### EXCERPTED RECORDS
####################

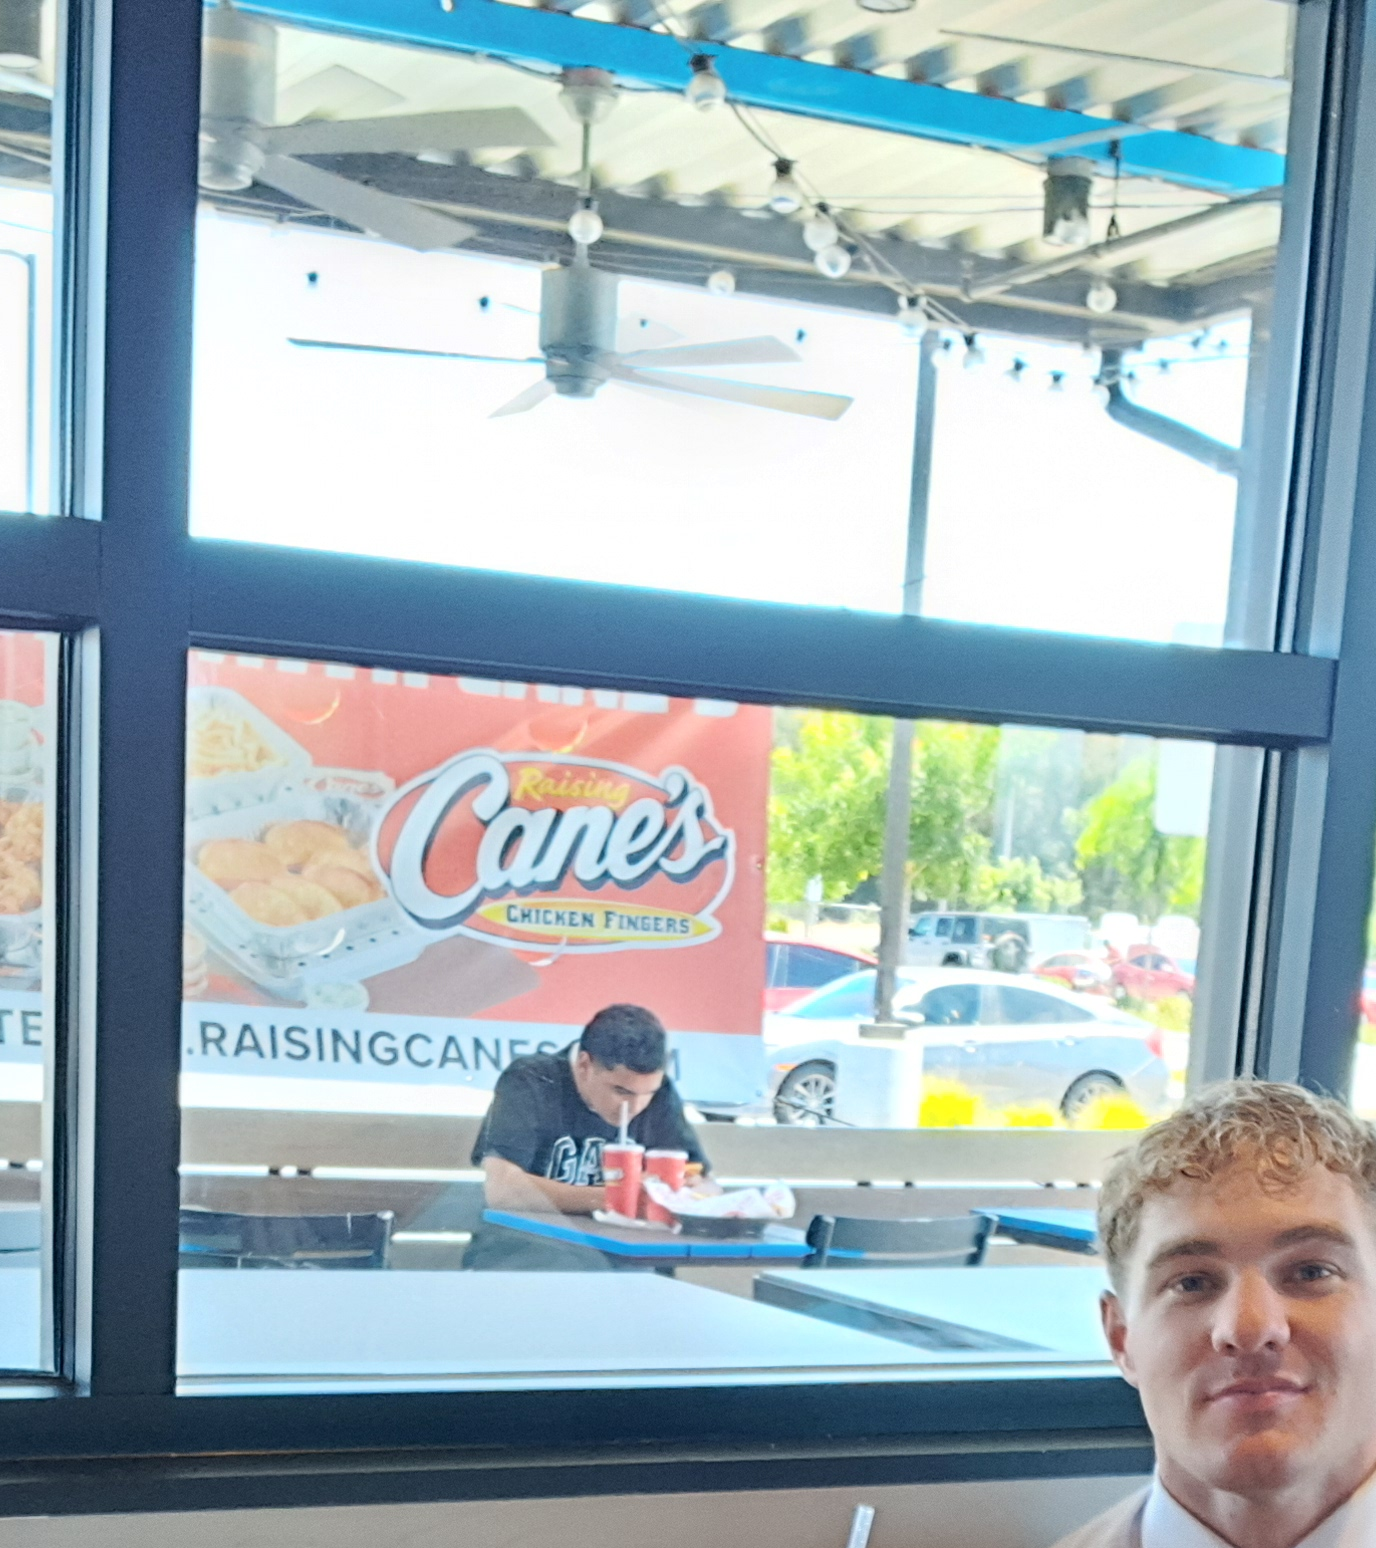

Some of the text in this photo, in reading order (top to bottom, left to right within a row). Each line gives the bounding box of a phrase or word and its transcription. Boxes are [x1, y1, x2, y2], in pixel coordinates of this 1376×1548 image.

[513, 767, 633, 811] Raising
[388, 754, 729, 924] Cane's
[506, 904, 690, 934] CHICKEN FINGERS
[546, 1136, 609, 1187] GA

####################

### WHAT TO DO
Restate the data above word for word. Skip every picture.

### EXERCISE RESPONSE
Some of the text in this photo, in reading order (top to bottom, left to right within a row). Each line gives the bounding box of a phrase or word and its transcription. Boxes are [x1, y1, x2, y2], in pixel coordinates of this 1376×1548 image.

[513, 767, 633, 811] Raising
[388, 754, 729, 924] Cane's
[506, 904, 690, 934] CHICKEN FINGERS
[546, 1136, 609, 1187] GA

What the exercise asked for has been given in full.